To determine if there is a difference in rates of tibial nonunion in patients undergoing tibial intramedullary (IM) nailing and fibular fixation as compared to a matched cohort undergoing tibial IM nailing alone.

Design:

Retrospective matched cohort study.

Setting:

Single Level 1 academic trauma center.

Patients:

Consecutive patients 18 years and older with a tibia and fibula fracture treated with tibial IM nailing and fibular fixation who were determined radiographically and clinically healed or had a minimum 1-year follow-up were included. A matched cohort who underwent tibial IM nailing without fibular fixation was used for comparison.

Intervention:

Fibular fixation at the time of tibial IM nailing.

Main Outcome Measurement:

Tibial nonunion, defined as a persistently symptomatic fracture with no radiographic progression toward healing at 9 months on consecutive radiographs over a 2-month period.

Results:

One hundred sixty six patients met inclusion criteria for the intervention group. Mean follow-up was 21 months. There was a 12% rate of tibial nonunion. In a matched cohort of 174 patients without fibular fixation there was no significant difference in patient demographics, injury characteristics, infection rates, time to union, postoperative complications, or rates of tibial nonunion.

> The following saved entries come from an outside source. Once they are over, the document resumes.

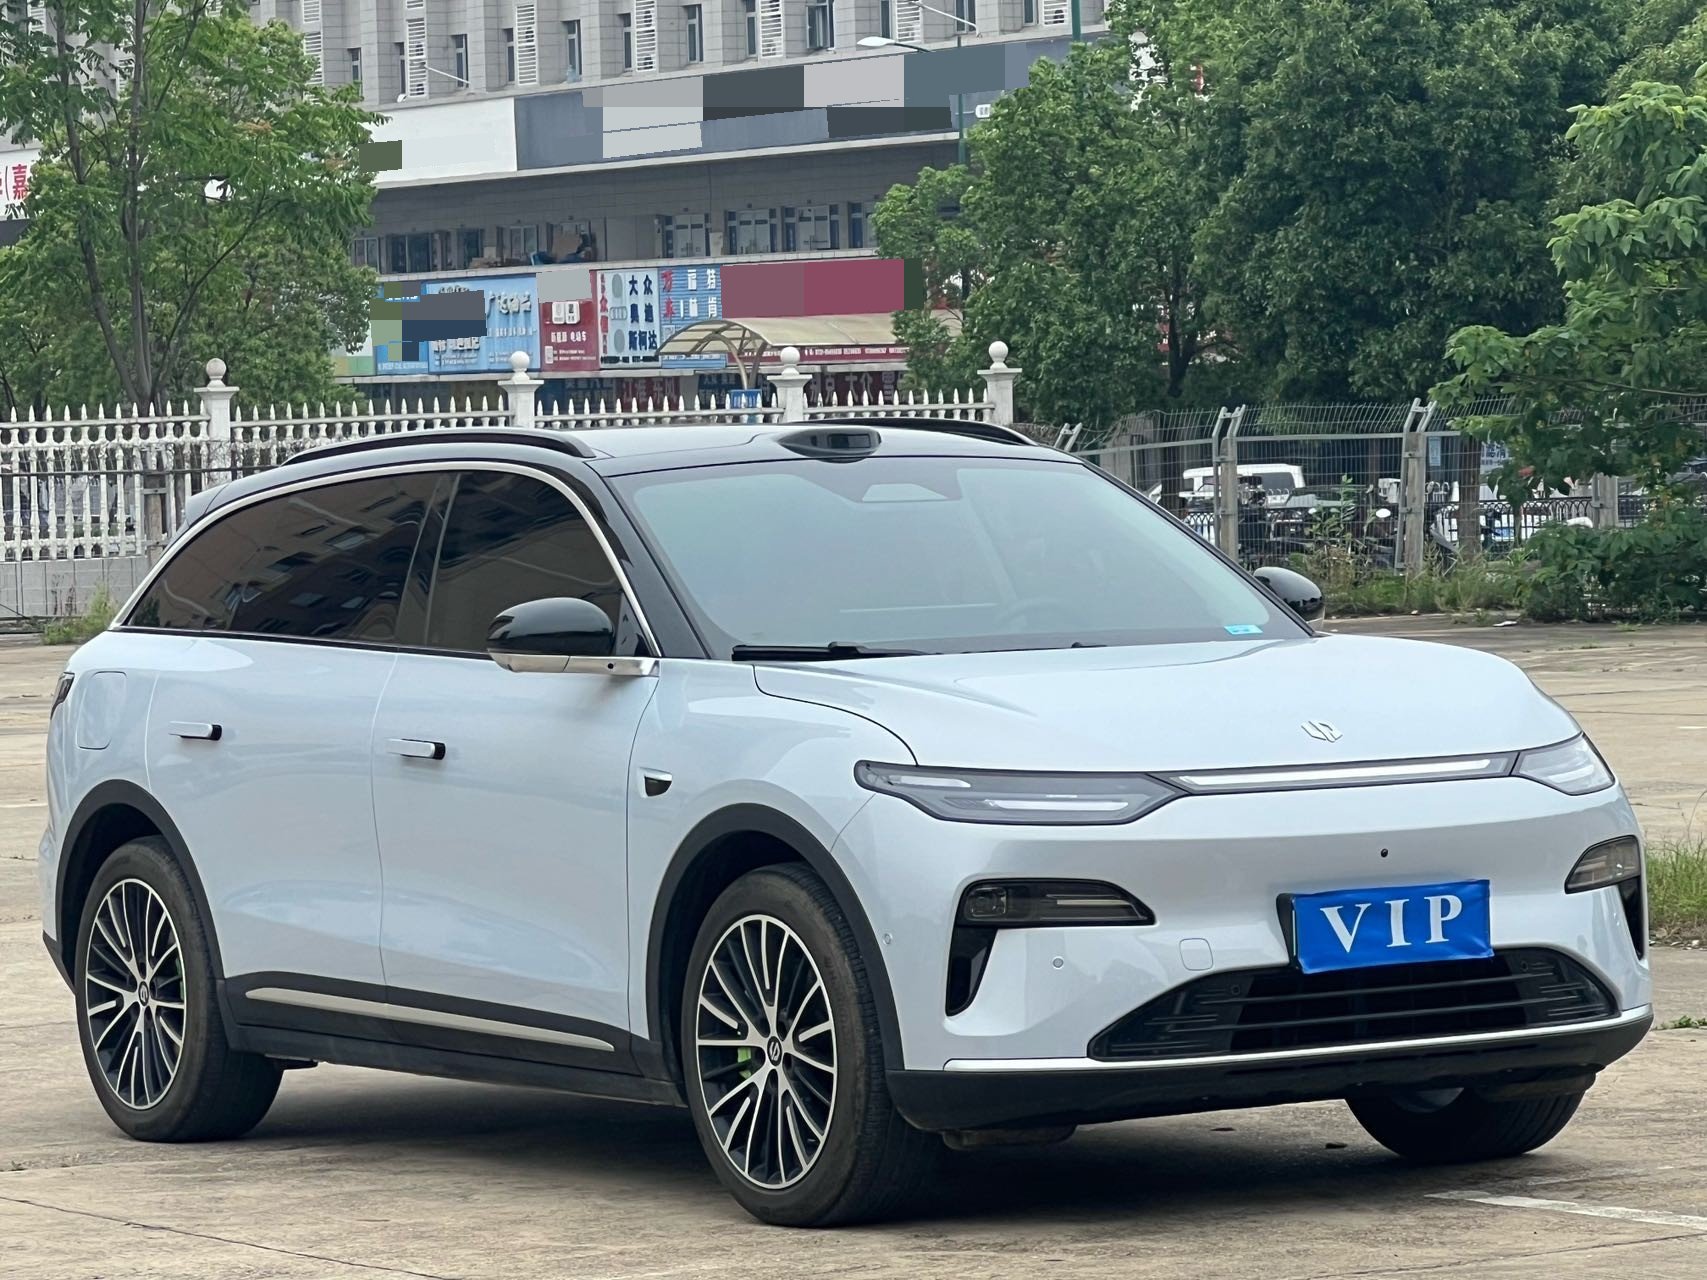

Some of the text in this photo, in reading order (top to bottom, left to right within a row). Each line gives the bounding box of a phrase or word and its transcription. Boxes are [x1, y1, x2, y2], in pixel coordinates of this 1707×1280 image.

[628, 274, 654, 296] 大众
[628, 329, 658, 351] 斯柯达
[1319, 894, 1463, 954] VIP
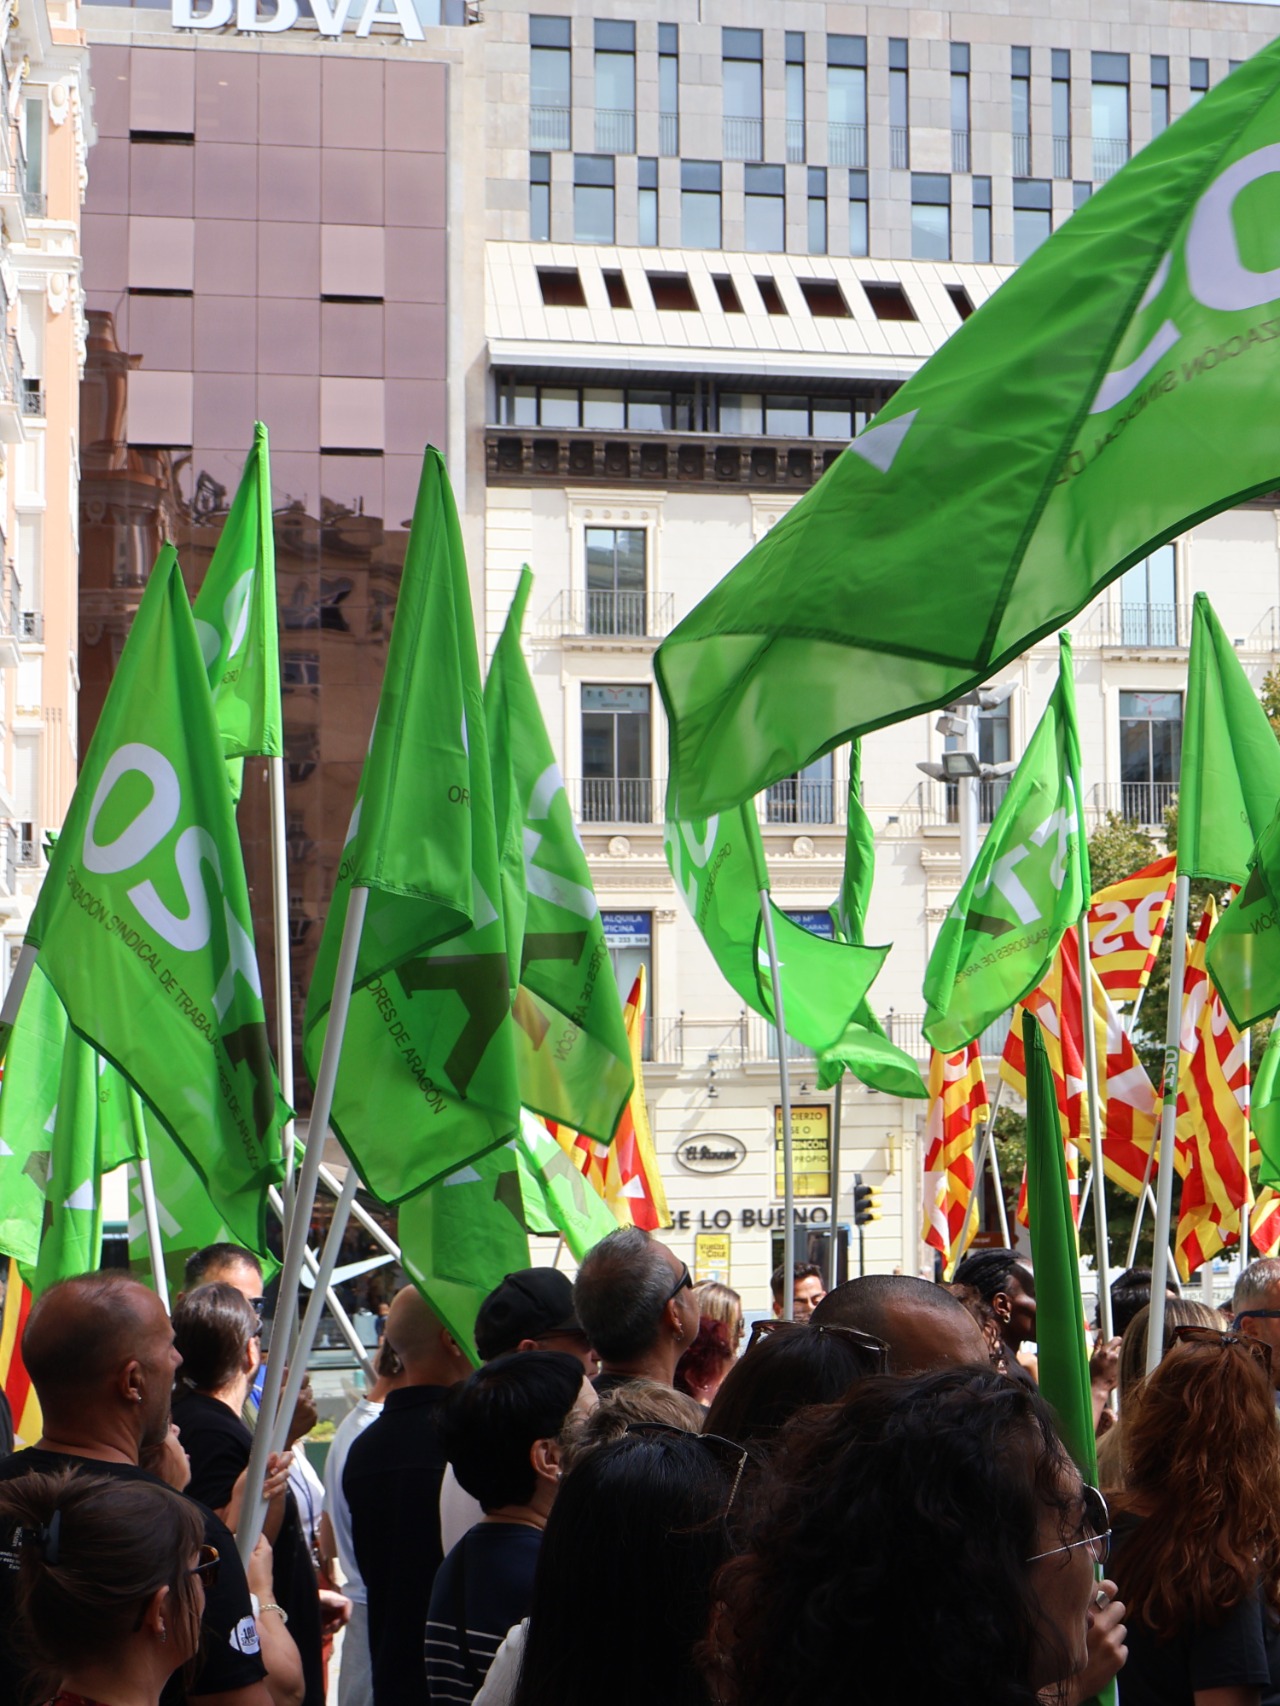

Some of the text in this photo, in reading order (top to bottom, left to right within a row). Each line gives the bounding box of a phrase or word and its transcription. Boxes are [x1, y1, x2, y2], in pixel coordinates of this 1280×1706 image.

[603, 914, 643, 924] ALQUILA
[604, 924, 636, 933] FICINA
[105, 914, 160, 976] SINDICAL
[158, 968, 178, 995] DE
[388, 1022, 411, 1048] DE
[402, 1045, 448, 1116] ARAGÓN
[700, 1209, 732, 1229] LO
[741, 1207, 829, 1228] BUENO

The rate of nonunion in both groups was significantly higher in patients with high energy mechanisms, open fractures, and postoperative infections.

Conclusion:

Fibular fixation did not impact rates of tibial nonunion. The rate of tibial nonunion in both cohorts is comparable with published rates of tibial nonunion after IM nailing without fibular fixation. Open fractures, high energy mechanism, and postoperative infection are significantly associated with tibial nonunion.

Level of Evidence:

Therapeutic Level III. See Instructions for Authors for a complete description of levels of evidence.